Surface protein Adr2 of Rickettsia rickettsii induced protective immunity against Rocky Mountain spotted fever in C3H/HeN mice.

摘要

Background Rickettsia rickettsii is the pathogen of Rocky Mountain spotted fever (RMSF), a life-threatening tick-transmitted infection. Adr2 was a surface-exposed adhesion protein of R. rickettsii and its immunoprotection against RMSF was investigated in mice. Methods: Recombinant Adr2 (rAdr2) was used to immunize C3H/HeN mice, and the rickettsial loads in organs of the mice were detected after challenge with R. rickettsii. The levels of specific antibodies of sera from the immunized mice were determined and the sera from immunized mice were applied to neutralize R. rickettsii. Proliferation and cytokine secretion of CD4+ and CD8+ T cells isolated from R. rickettsii-infected mice were also assayed after rAdr2 stimulation. Results: After R. rickettsii challenge, the rickettsial loads in spleens, livers, and lungs were significantly lower and the impairment degrees of these organs in rAdr2-immunized mice were markedly slighter, compared with those in negative control mice. The ratio of specific IgG2a/IgG1 of rAdr2-immunized mice kept increasing during the immunization. After treatment with rAdr2-immunized sera, the total number of R. rickettsii organisms adhering and invading host cells was significantly lower than that treated with PBS-immunized sera.
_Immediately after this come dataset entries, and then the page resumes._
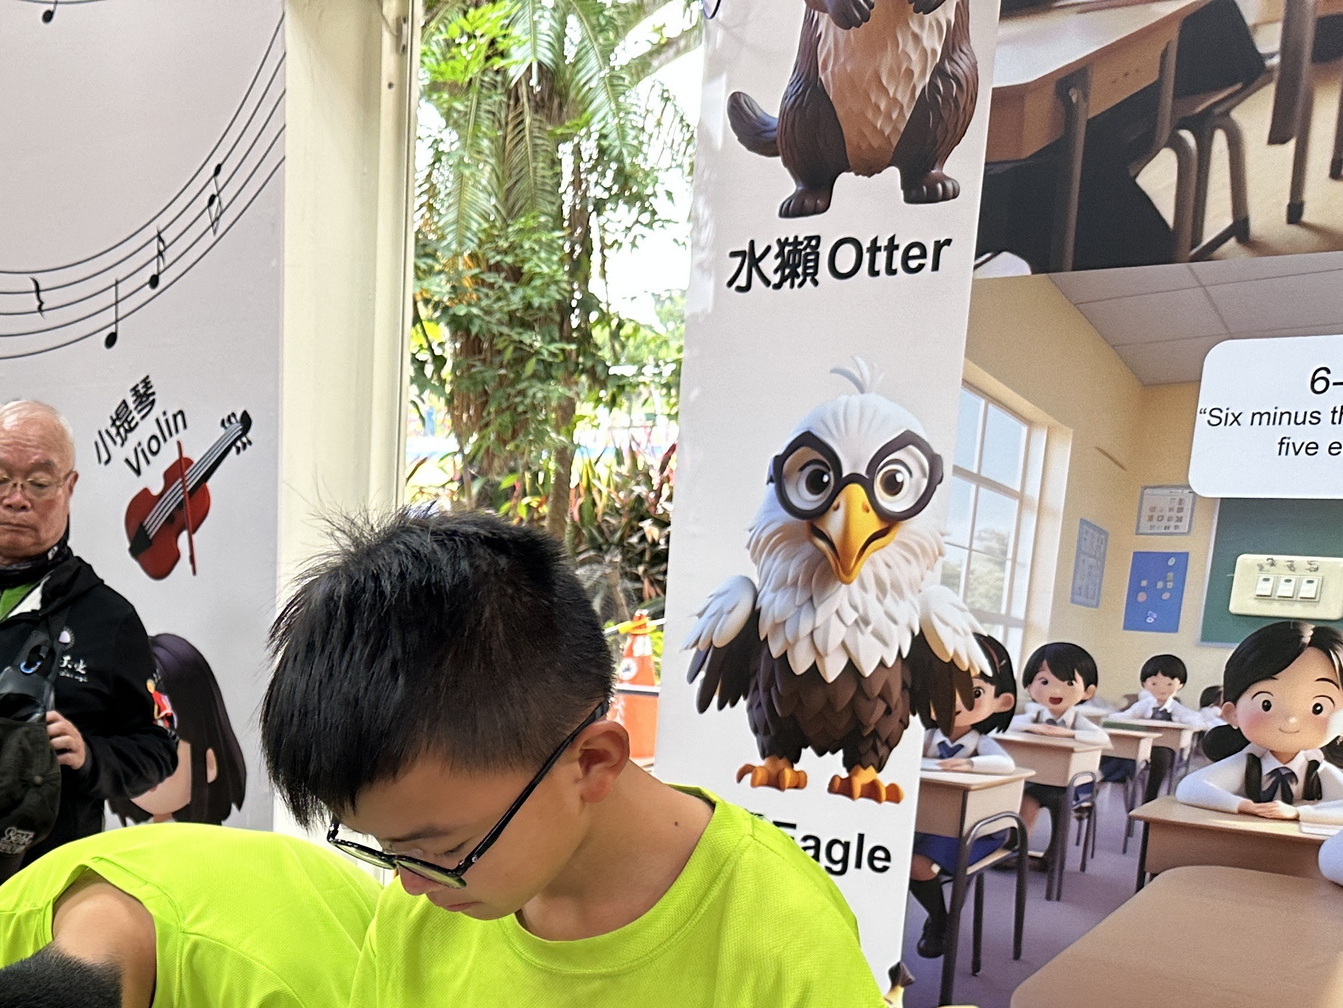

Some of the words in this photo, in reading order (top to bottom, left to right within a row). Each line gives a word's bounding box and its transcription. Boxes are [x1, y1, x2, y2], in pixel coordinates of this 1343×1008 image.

[726, 235, 821, 293] 水獺
[828, 234, 953, 280] Otter
[94, 375, 156, 466] 小提琴
[124, 409, 187, 477] Violin
[1250, 406, 1322, 426] minus
[1277, 436, 1319, 456] five
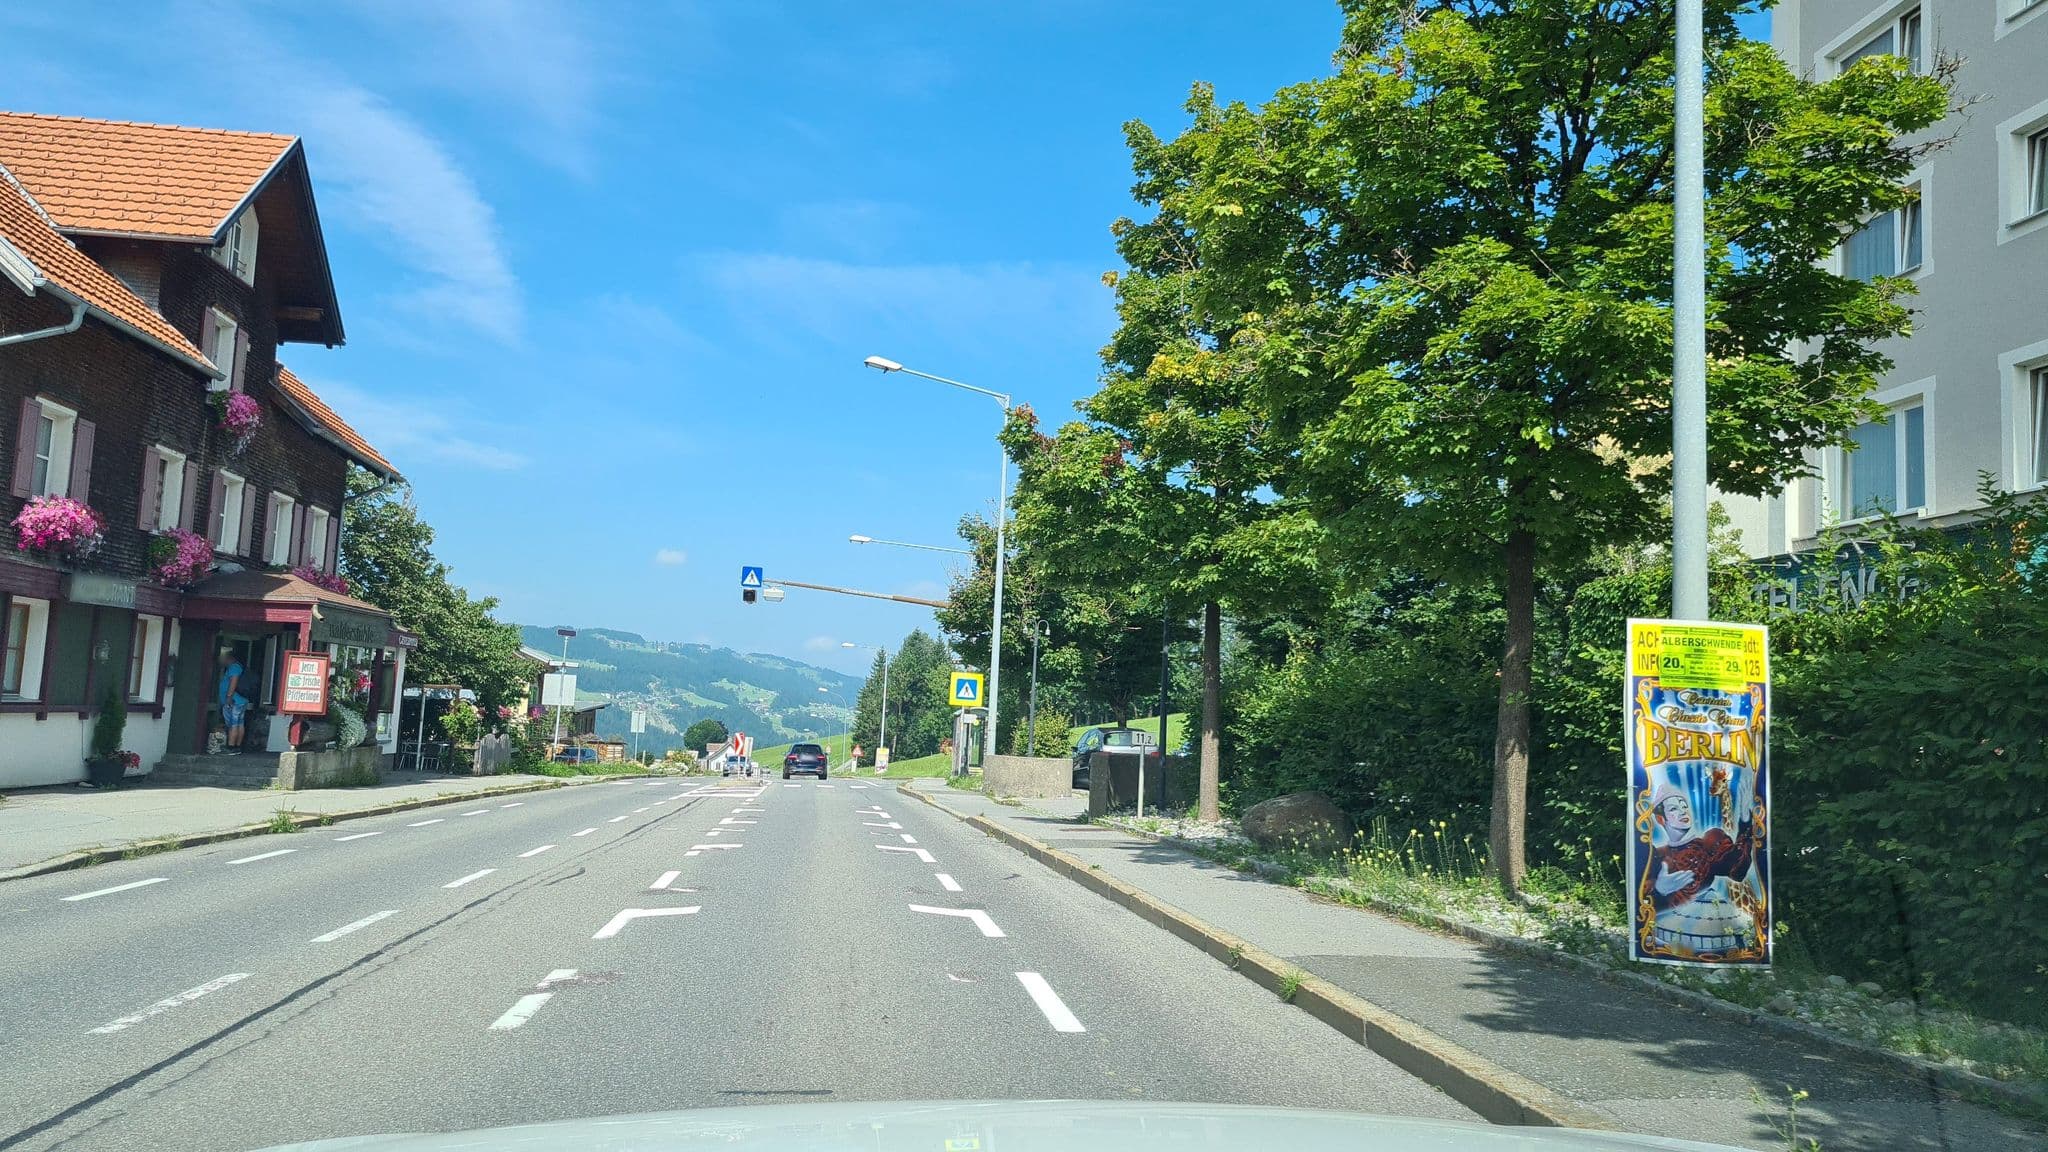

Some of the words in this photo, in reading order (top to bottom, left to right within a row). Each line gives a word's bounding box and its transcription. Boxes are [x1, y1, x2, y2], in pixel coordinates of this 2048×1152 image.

Interferon- gamma secretion by CD4+ or CD8+ T cells and tumor necrosis factor- alpha secretion by CD4+ T cells from R. rickettsii-infected mice were respectively significantly greater than those from uninfected mice after rAdr2 stimulation. Conclusion: Adr2 is a protective antigen of R. rickettsii. Protection offered by Adr2 is mainly dependent on antigen-specific cell-mediated immune responses, including efficient activity of CD4+ and CD8+ T cells to produce great amount of TNF- alpha and/or IFN- gamma as well as rapid increase of specific IgG2a, which synergistically activate and opsonize host cells to killing intracellular rickettsiae.